The official press release only has the bare bones of the deal (financial terms not disclosed, expected to close before 31 July), but Shotgun CEO Don Parker is more forthcoming on the company’s blog.

fxguide has an excellent analysis, noting that the dev team will triple in size, but also raising key issues: Shotgun’s close relationship with The Foundry, and Autodesk’s checkered history with previous acquisitions.

Christopher Nolan’s Interstellar. VFX are being handled by Double Negative, which has just announced its intention to merge with animation giant Prime Focus, to create a business of around 4,000 employees.

2. Double Negative and Prime Focus to merge

Mergers and acquisitions seemed to be the theme of the week.
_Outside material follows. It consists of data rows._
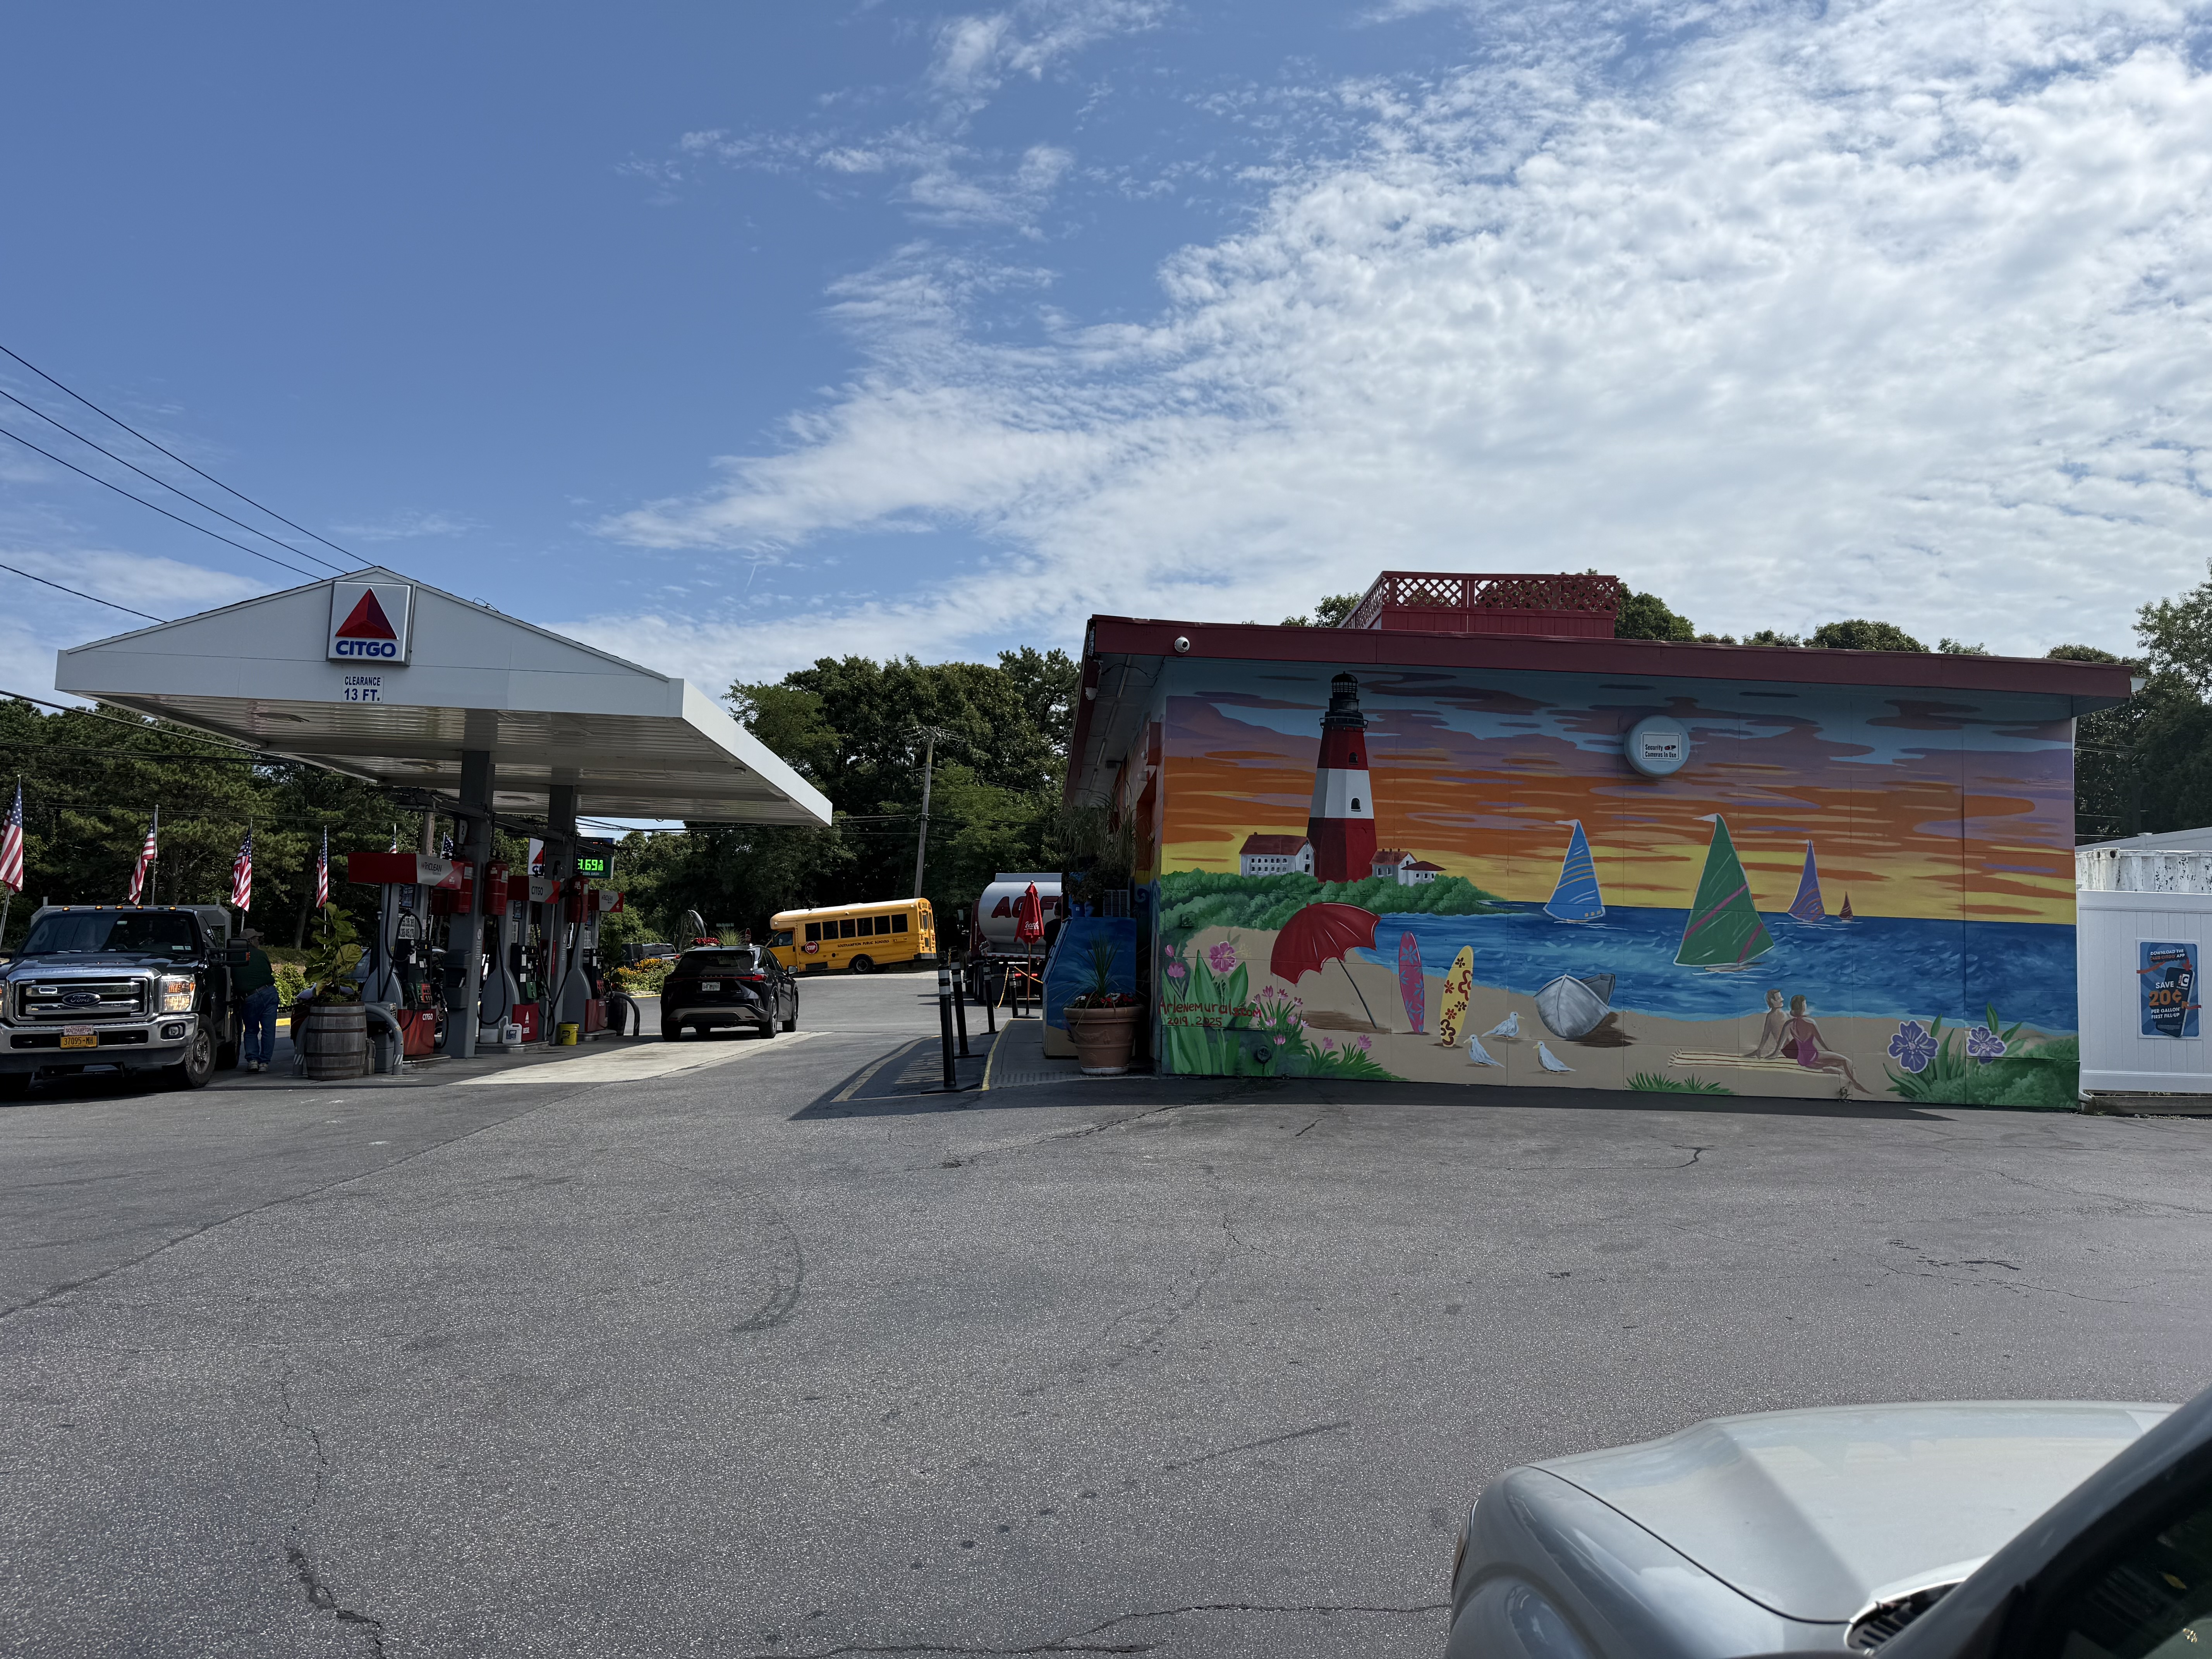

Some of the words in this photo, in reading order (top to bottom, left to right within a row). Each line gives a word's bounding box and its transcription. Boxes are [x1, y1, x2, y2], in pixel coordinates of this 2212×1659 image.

[336, 640, 396, 657] CITGO
[345, 676, 381, 686] CLEARANCE
[344, 688, 358, 701] 13
[362, 689, 380, 701] FT.
[462, 825, 464, 835] 2
[424, 862, 442, 872] TriCLEAN
[532, 886, 543, 895] CITGO
[2182, 976, 2189, 984] C
[70, 994, 91, 1003] Ford
[1167, 1016, 1188, 1026] 2019
Prime Focus World and Double Negative are also to merge, creating the world’s largest provider of visual effects, animation and 3D conversion services.
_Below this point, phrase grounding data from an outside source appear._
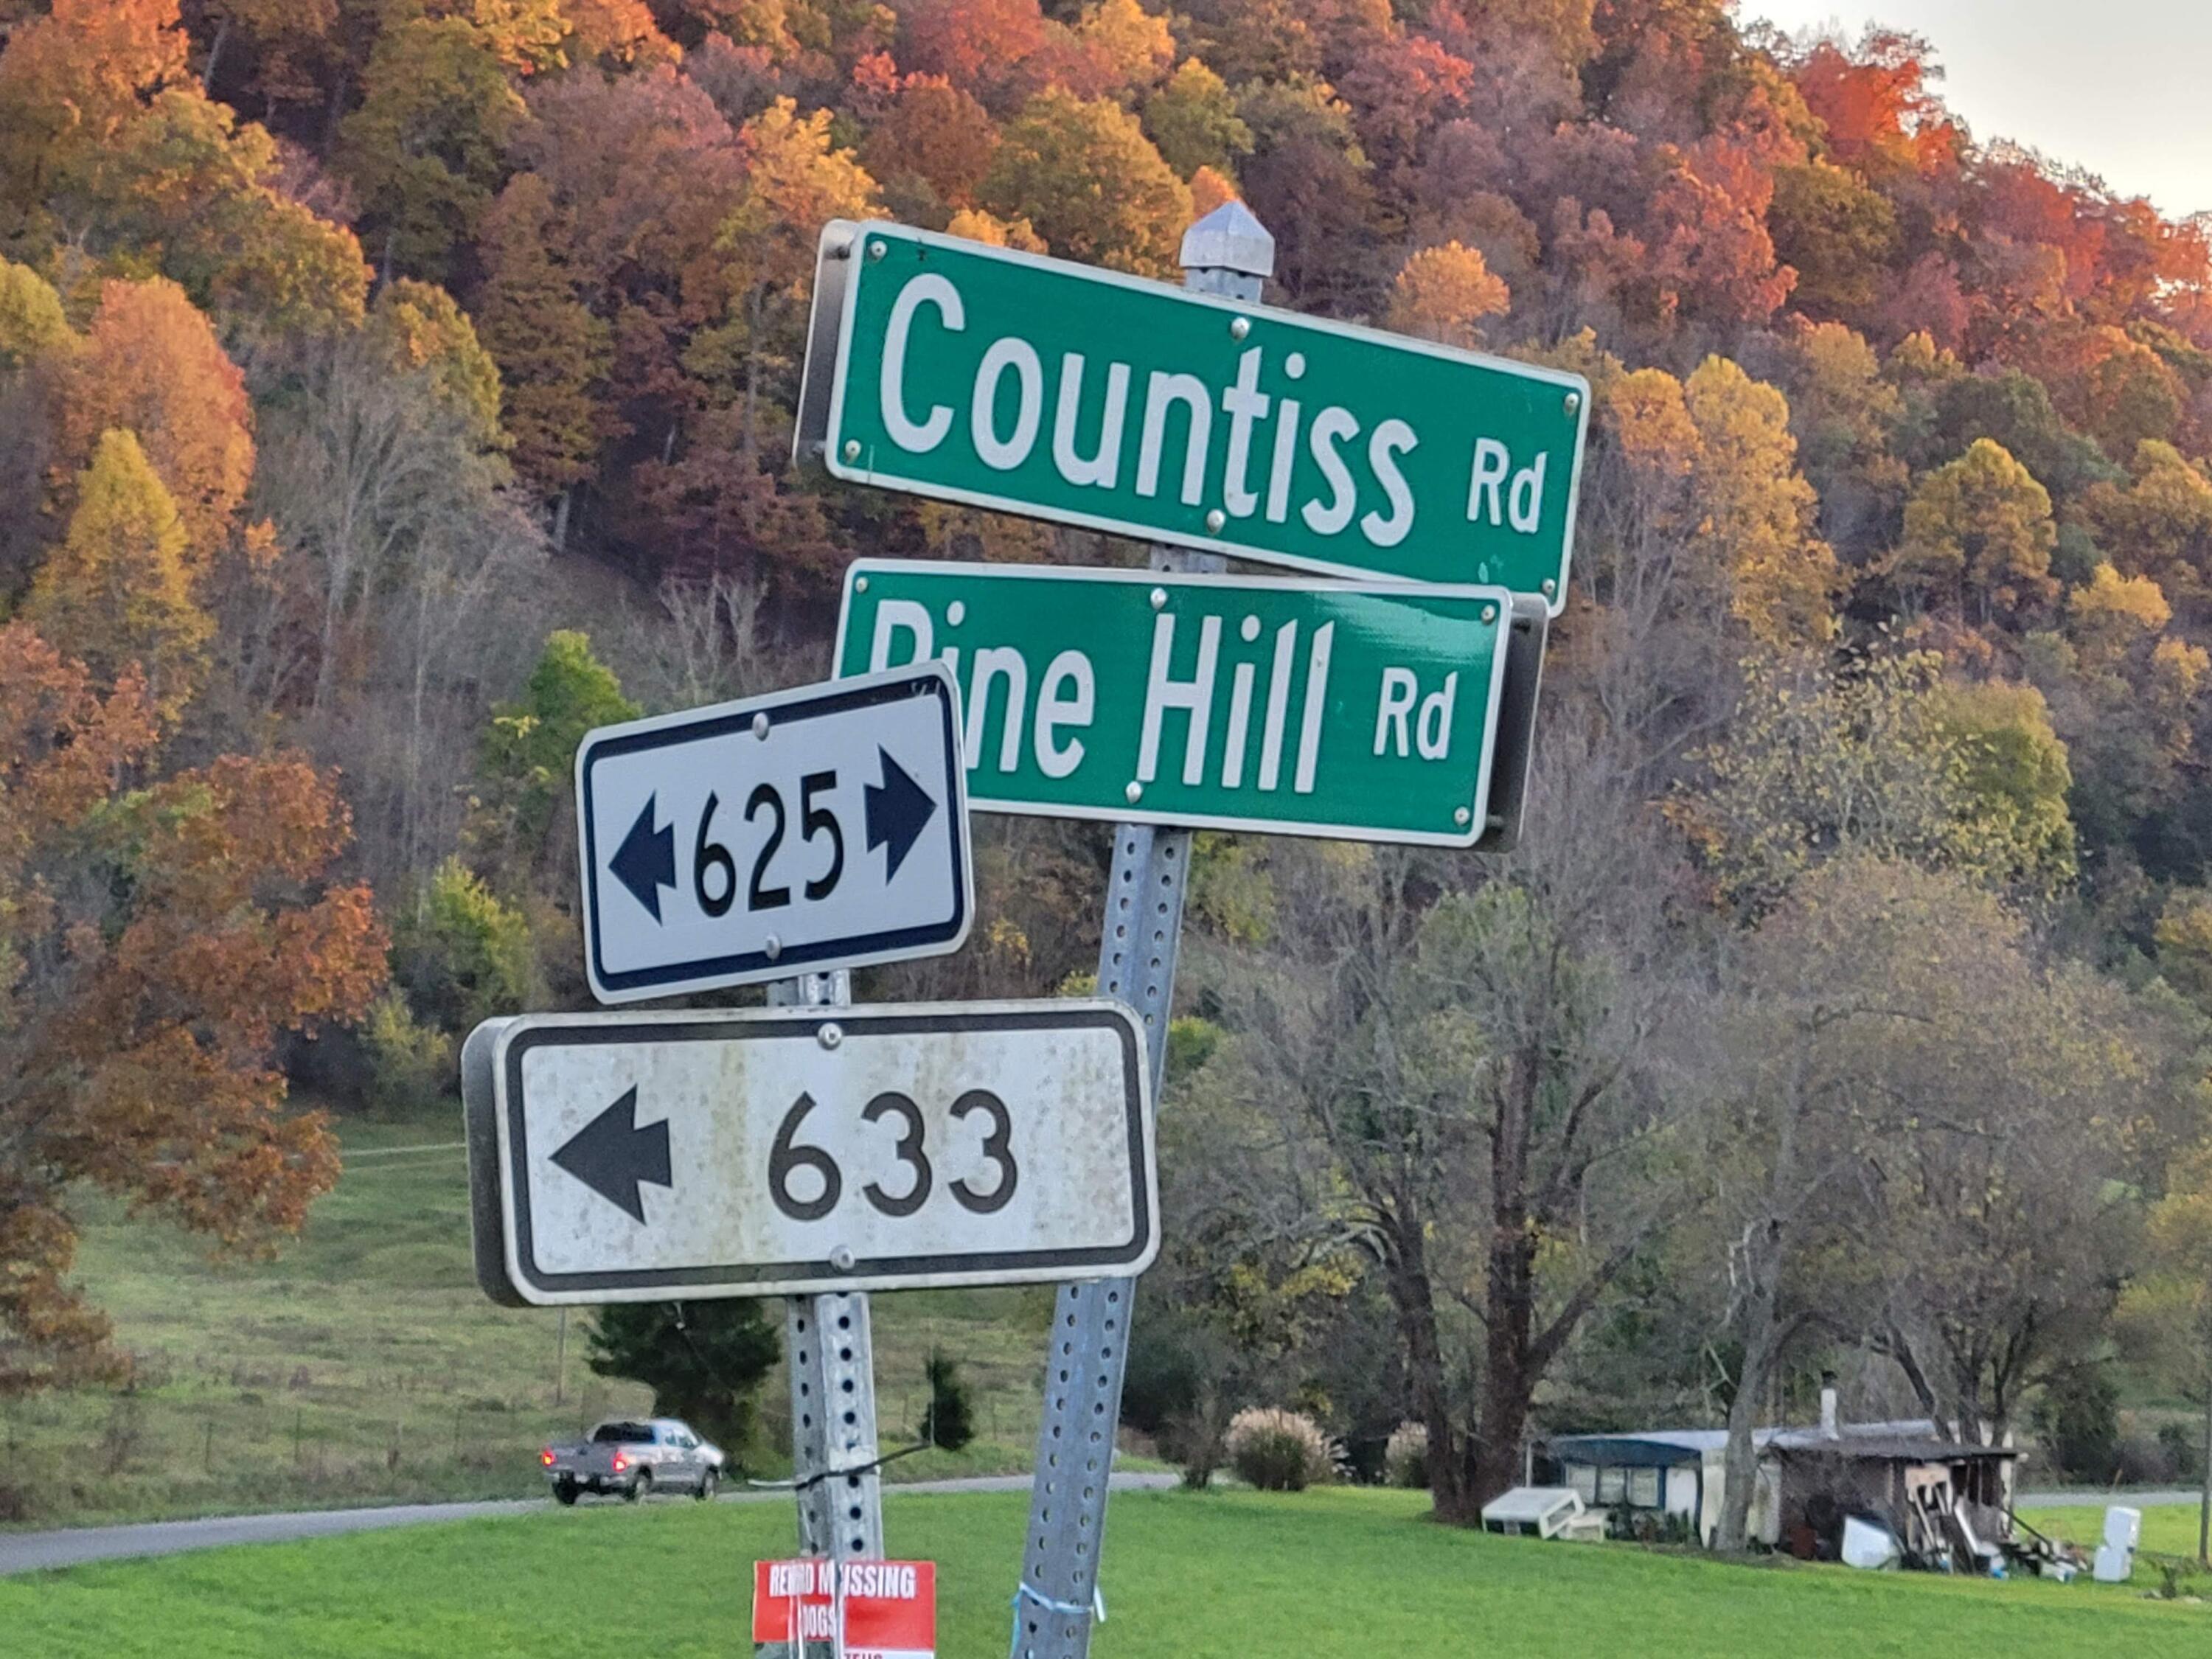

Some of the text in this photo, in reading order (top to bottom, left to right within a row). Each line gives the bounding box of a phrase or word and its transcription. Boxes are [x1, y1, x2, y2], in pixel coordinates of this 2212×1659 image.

[880, 272, 1548, 549] Countiss Rd
[1136, 613, 1335, 793] Hill
[1373, 667, 1458, 761] Rd
[694, 769, 844, 917] 625
[768, 1088, 1018, 1222] 633
Variety’s report sums up the key facts: Prime Focus is majority shareholder in the merged company, but Double Negative’s name will be used for its visual effects business.

Double Negative execs Alex Hope and Matthew Holben, who are heading up the VFX business, both get board positions, and the freedom to cherry pick from Prime Focus’s existing effects facilities and infrastructure.

3. Fabric Engine adds GPU compute to Fabric Engine 1.12

Of the new software released during the week, the most significant – at least for the top end of the market – was Fabric Engine 1.12, which adds support for GPU computing to the VFX tools development platform.

Developer Fabric Software has been talking about the GPU for a couple of years, but the release is timely: since GTC this year, many mid-sized facilities have begun to see GPU computing as a practical possibility.

The 1.12 update should let studios develop GPU-capable tools without the need for a large, dedicated R&D team: a strategy Fabric Engine is promoting as “zero cost experimentation”.

“You take your code in KL [Fabric Engine’s native JavaScript-like language] and it’s as easy as flipping a switch – it simply works on the GPU,” said Fabric Software co-founder Peter Zion.

However, there’s also a lot more in Fabric Engine 1.12. Keep an eye on the new rigging toolbox: still very new in 1.12, but expected to grow in future releases.

4. Blender 2.71 ships

Blender also continued its recent rapid pace of development, with version 2.71 extending many of the open-source software’s key toolsets and continuing the ongoing overhaul of the user interface.

The most eye-catching changes are to the Cycles render engine, including support for texture baking, deformation motion blur, and rendering fire and smoke: seen above in the video from BlenderDiplom.

However, there are also key changes to the animation toolset, and useful updates to sculpting and painting.

5. Eye candy: the new Unreal Engine 4 Android demo

And finally, some eye candy. Created to showcase the upcoming Android L, the new Unreal Engine 4 ‘Rivalry’ demo was originally created for a DirectX 11-class PC but runs on Nvidia’s Tegra K1 mobile processor.

We’ve already seen Unreal Engine running on iOS 8, but for us, the new demo goes a step further in backing up claims of “PC gaming graphics in your pocket” – this time, the words of Google’s Dave Burke.